Поморское согласие, как сказано выше, отрицает священство, предоставляет мирянам совершение таинств, которые делит на "нужнопотребные" (крещение, покаяние и причащение) и просто "потребные" (остальные четыре), без которых спасение возможно. По отношения к таинству брака Поморское согласие держалось вначале отрицательной точки зрения, требую для всех "девства", но так как практически это оказалось трудноисполнимым и приводило к неудобным последствиям, то поморские настоятели стали относиться терпимо к бракам, совершенным в православной церкви, не признавая однако их законными. Затем вошло в обычай брачное сожительство без венчания в церкви по одному взаимному согласию брачующихся. Наконец, в настоящее время установился прежний взгляд, подправленный особым компромиссом, т. е. все должны вести безбрачную жизнь, но если кто женится без священнического благословения, тому общество его единоверцев не судья - каждый сам дает в том ответ Богу. Отказавшись от литургии, поморцы имеют однако свои богослужения, отправляемые в часовнях.
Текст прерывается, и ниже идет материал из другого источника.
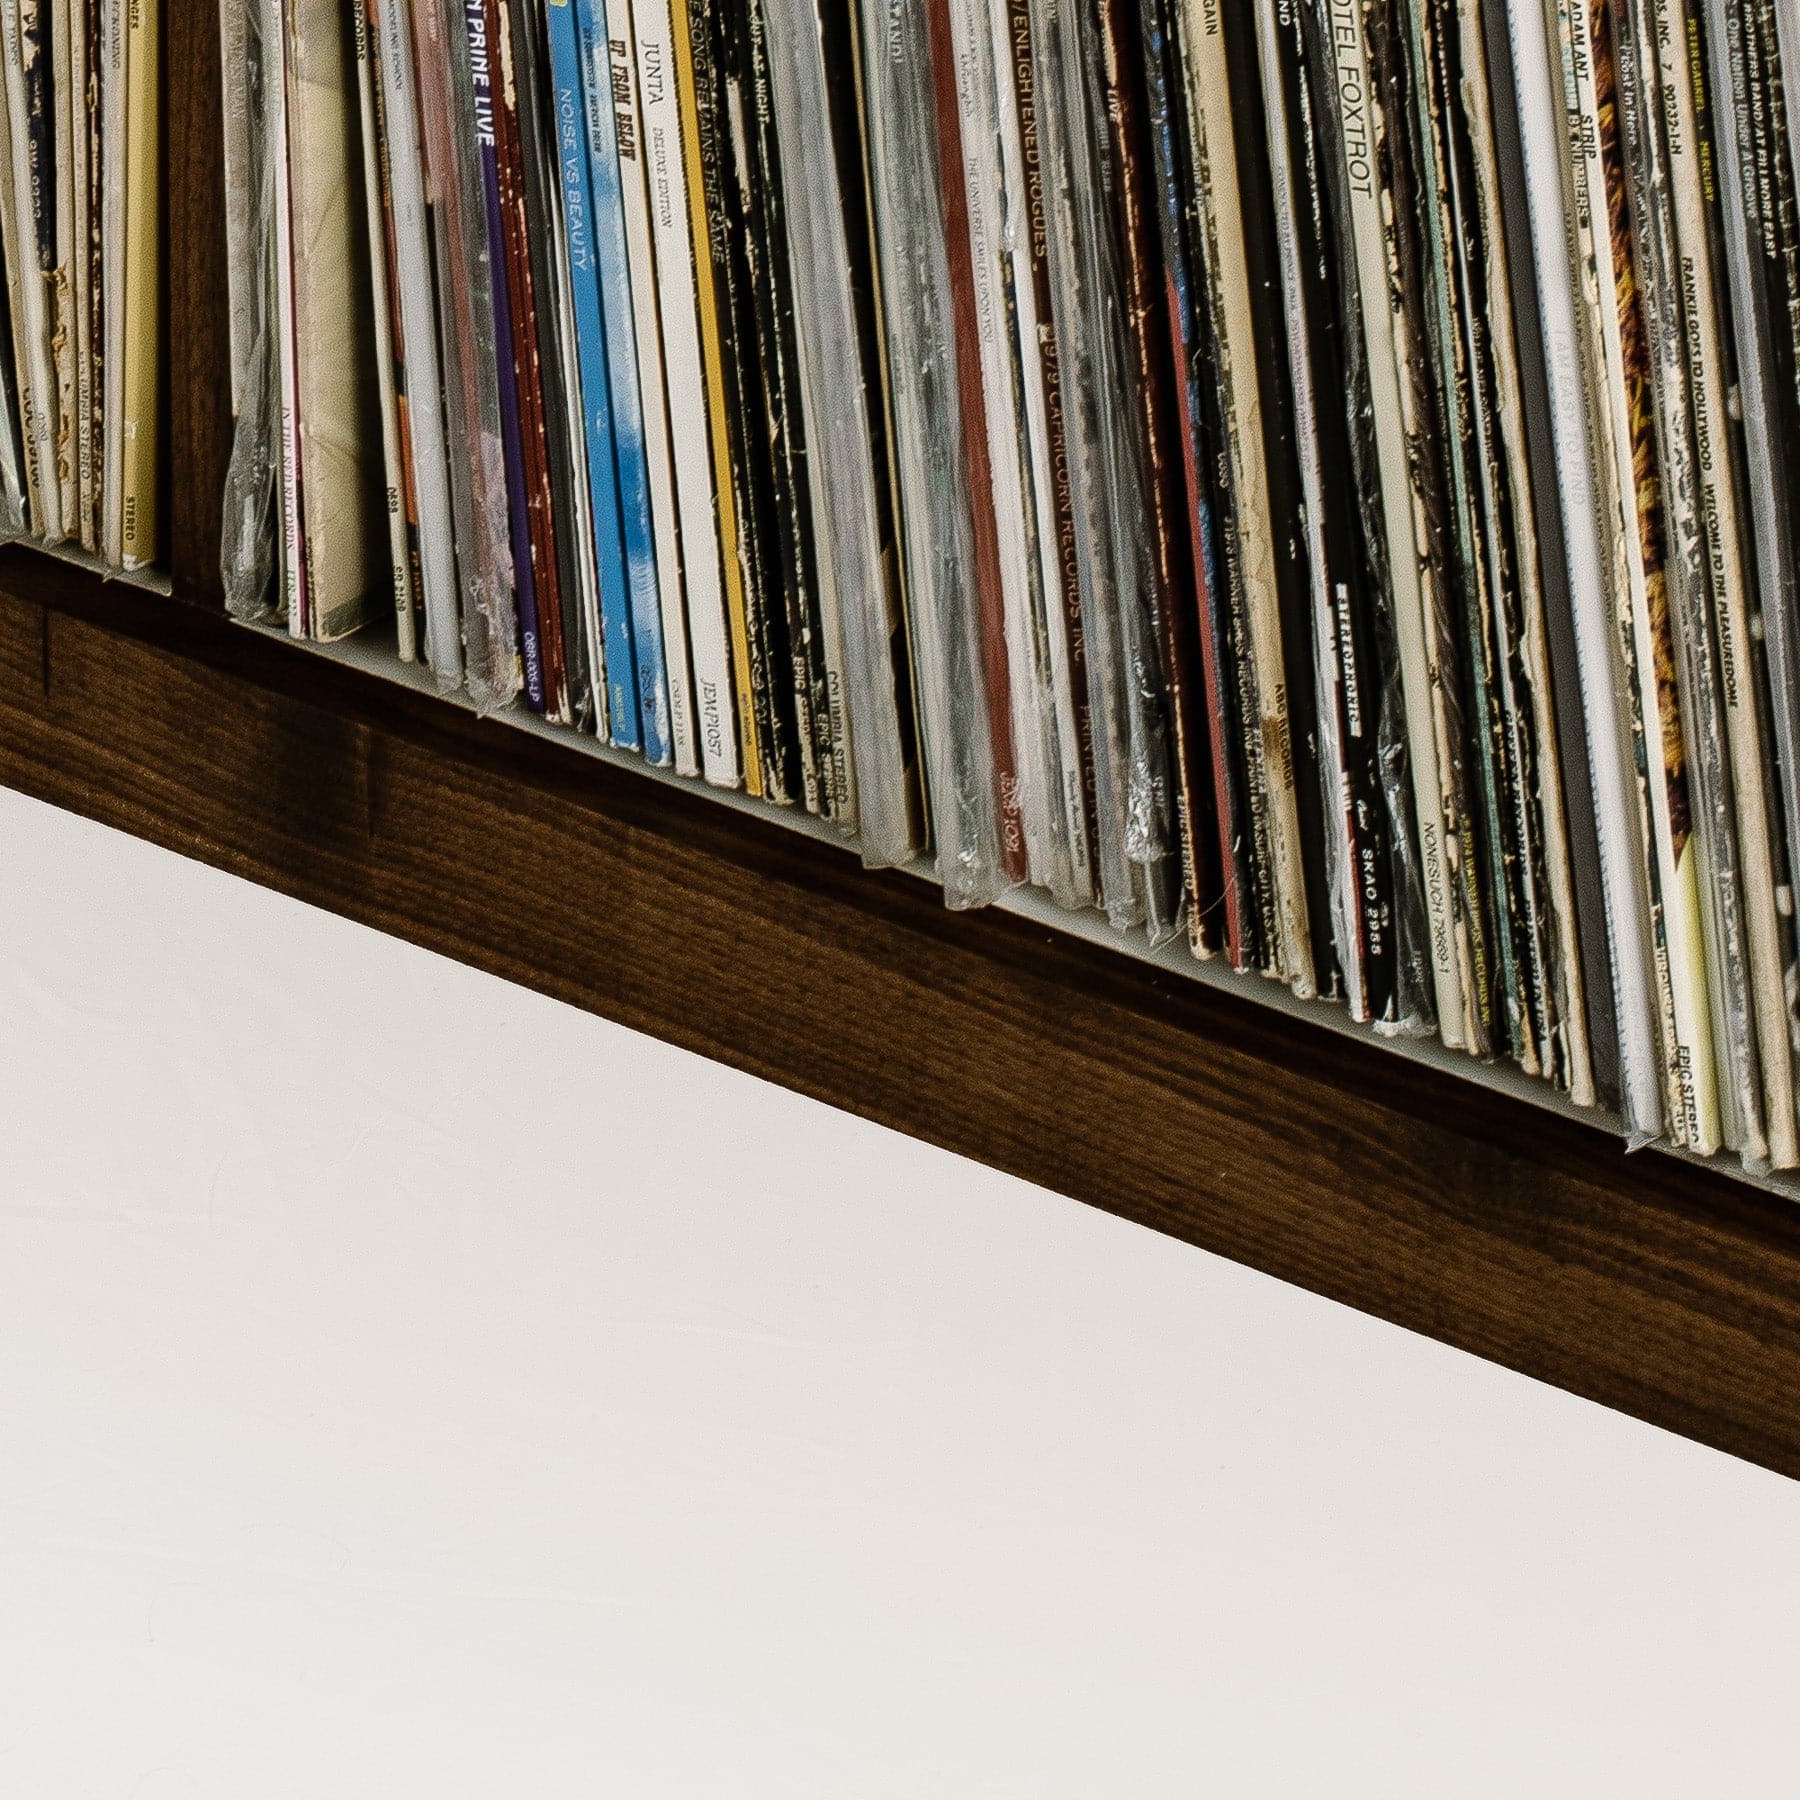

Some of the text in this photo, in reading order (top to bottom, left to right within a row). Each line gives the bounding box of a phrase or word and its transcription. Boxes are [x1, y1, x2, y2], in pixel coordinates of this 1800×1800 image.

В Выговской пустыни были составлены "чины" этих служб: "чин всем богослужениям непосвященных мужей и жен", "устав поморской службы церковной и келейной", "чин нехиротонисанных для отправления крещения и покаяния", "чин очищения жены родившей", "чин для поставления пастырей словесных овец". Этот последний чин есть благословение наставниками избираемого лица в собрании народа, оно сопровождается семипоклонным "началом", краткими молитвами и славословиями и представляет таким образом посвящение. Посвященное лицо получает титул "благословенного отца". Принимая к себе отказавшихся от православия, Поморское согласие требует от них полного разрыва с прежней церковью и потому перекрещивает их. До 1738 г. поморцы не молились за царя, но затем они постановили на соборе поминать Императорское Величество везде, где значится по книгам, и приняли тропарь "Спаси Господи люди твоя"; но это "моление" не вошло в учение, а является простым и внешним приспособлением к "обстоятельствам".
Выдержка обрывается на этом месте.